Tech
Yandex Research Team’s New Compression Methods: AQLM and PV-Tuning
The Yandex Research Team is enhancing efficiency with innovative compression methods such as AQLM and PV-Tuning. In this article, explore the advantages and application areas of these techniques.
New Compression Methods by the Yandex Research Team
The Yandex Research team introduced two new compression methods at the International Conference on Machine Learning (ICML) ongoing in Vienna, Austria. These methods are called Additive Quantization for Language Models (AQLM) and PV-Tuning. Researchers state that when these methods are combined, they can achieve up to 8 times reduction in model size while maintaining 95% of response quality.

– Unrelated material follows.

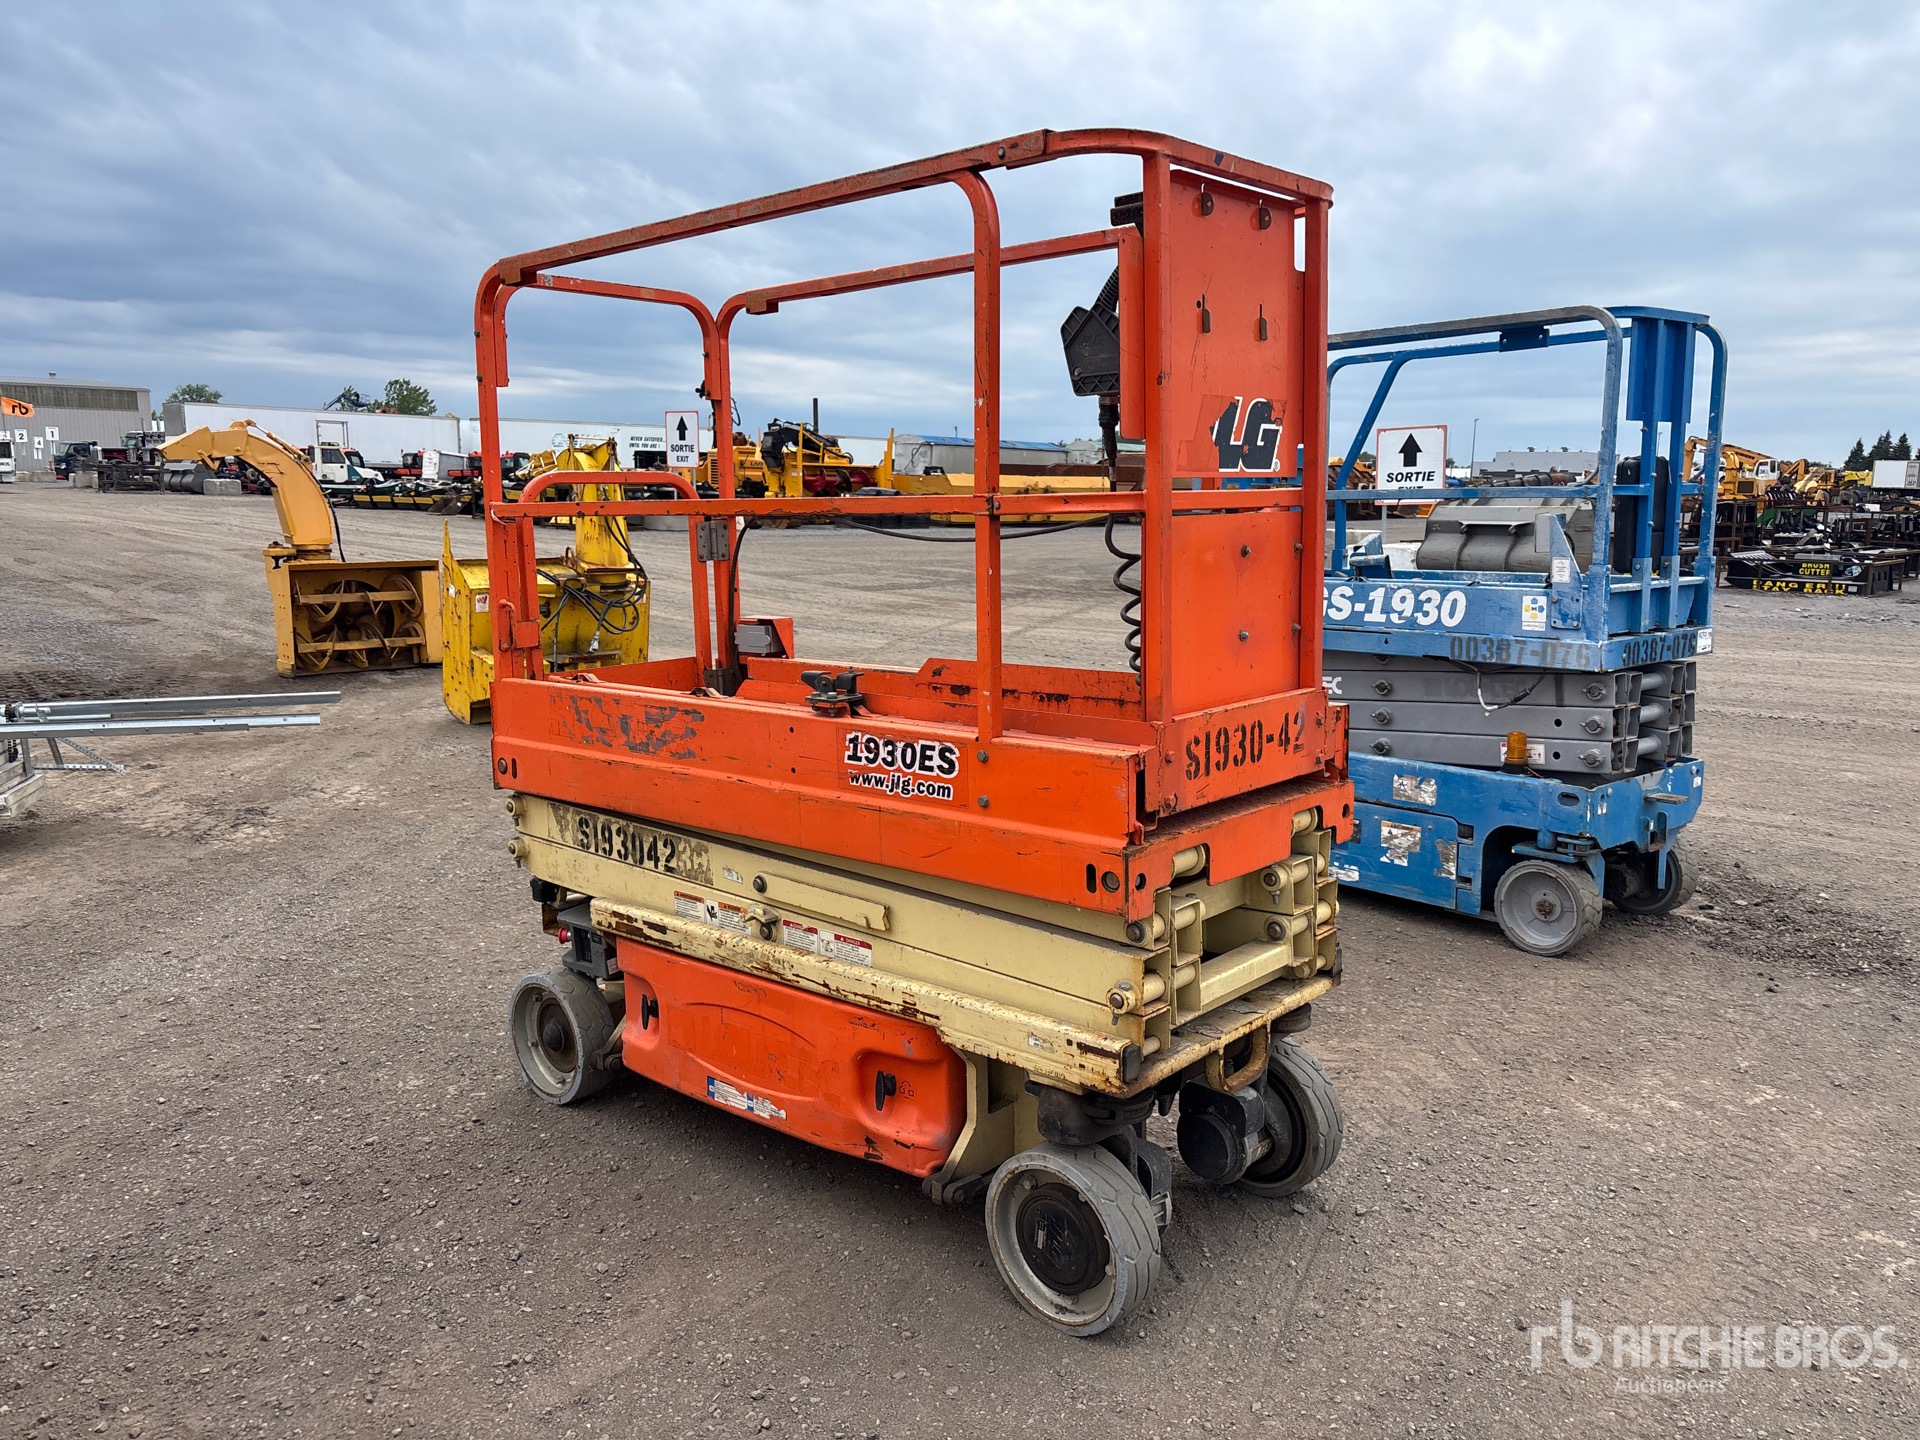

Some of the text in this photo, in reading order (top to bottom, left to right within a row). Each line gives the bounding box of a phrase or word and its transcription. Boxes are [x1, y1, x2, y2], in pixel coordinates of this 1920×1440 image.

Key Features of AQLM and PV-Tuning
AQLM leverages additive quantization methods traditionally used in information retrieval for compressing large language models (LLMs). This developed method preserves and improves the accuracy of the model under extreme compression, making it possible for LLMs to be widely used on everyday devices like home computers. This results in a significant reduction in memory consumption.

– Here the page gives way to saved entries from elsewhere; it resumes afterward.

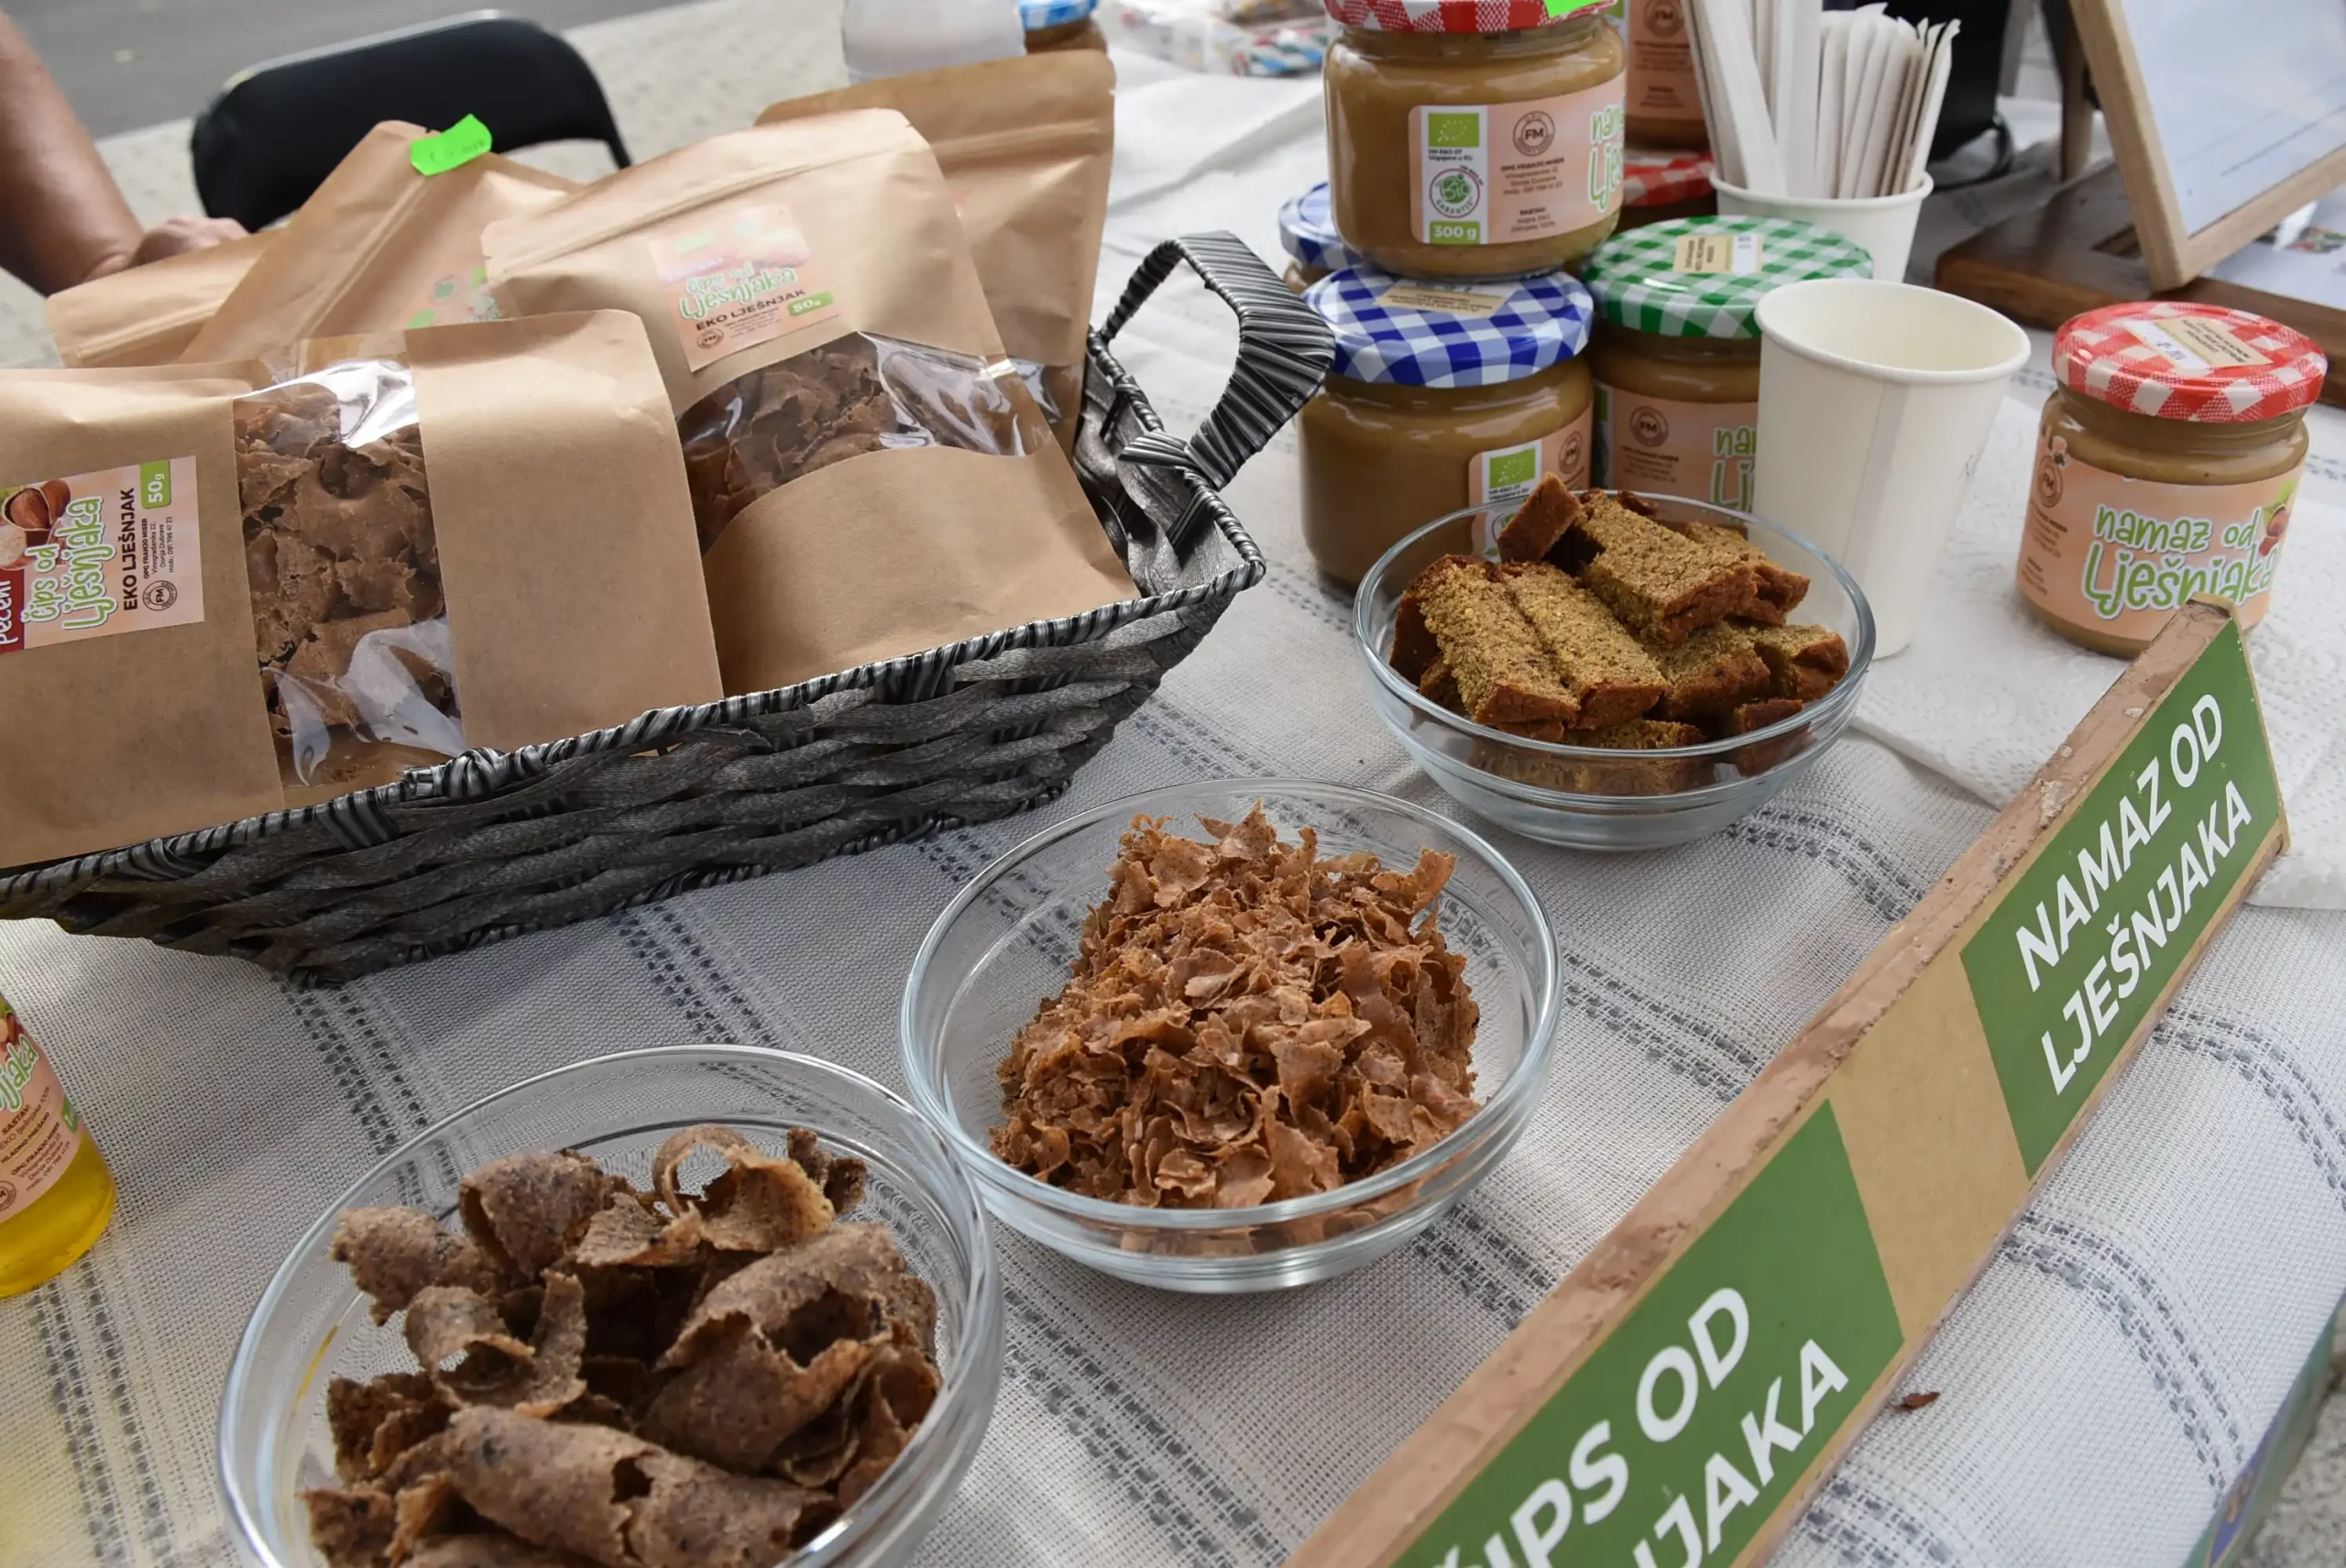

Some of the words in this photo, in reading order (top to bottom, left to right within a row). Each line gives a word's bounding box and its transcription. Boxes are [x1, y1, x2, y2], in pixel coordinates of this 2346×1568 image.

[1525, 127, 1544, 140] FM
[1434, 225, 1464, 238] 300
[1467, 227, 1478, 241] g
[696, 313, 728, 331] EKO
[730, 288, 806, 318] LJEŠNJAK
[1715, 426, 1757, 456] na
[118, 488, 137, 570] LJEŠNJAK
[2095, 505, 2212, 553] namaz
[2222, 507, 2262, 550] od
[25, 543, 60, 572] od
[56, 496, 118, 629] Lješnjaka
[124, 577, 138, 610] EKO
[156, 588, 165, 604] FM
[2015, 756, 2172, 992] NAMAZ
[2169, 694, 2223, 788] OD
[2041, 781, 2253, 1095] LJEŠNJAKA
[1635, 1288, 1749, 1442] OD

PV-Tuning is designed to correct potential errors that may arise during the model compression process. When AQLM and PV-Tuning are combined, they yield optimal results by providing compact models that can produce high-quality responses even with limited computational resources.
Evaluation of the Methods
The effectiveness of these presented methods has been meticulously tested using popular open-source models such as LLama 2, Mistral, and Mixtral. Researchers evaluated the response quality of these compressed large language models using English comparison metrics like WikiText2 and C4. Despite being compressed by 8 times, the models managed to maintain a response quality of 95%.
Who Can Benefit from AQLM and PV-Tuning?
The Yandex research team emphasizes that the AQLM and PV-Tuning methods will provide significant resource savings for companies developing and distributing proprietary language models and open-source LLMs. For example, the Llama 2 model with 13 billion parameters post-compression can operate using only 1 GPU, leading to up to 8 times reduction in hardware costs. This means that enterprises, individual researchers, and LLM enthusiasts can run advanced LLMs like Llama on their everyday computers.
Exploring New LLM Applications
The researchers state that AQLM and PV-Tuning enable offline distribution on devices with limited computing resources, offering new use cases for devices like smartphones and smart speakers. They express that thanks to advanced LLMs integrated into these devices, users can utilize services like text and image generation, voice assistance, personalized recommendations, and real-time language translation without needing a continuous internet connection.
Application and Access
Today, developers and researchers worldwide can access AQLM and PV-Tuning methods via GitHub. The demo materials provided by developers offer guiding information for effectively training compressed LLMs for various applications. Additionally, it is also possible to download popular open-source models compressed using these methods.
Highlights from ICML
The scientific paper detailing Yandex Research’s AQLM compression method has been published at ICML, one of the most prestigious machine learning conferences worldwide. This study, prepared in collaboration with researchers from IST Austria and experts from the AI venture Neural Magic, demonstrates significant progress in LLM compression technology.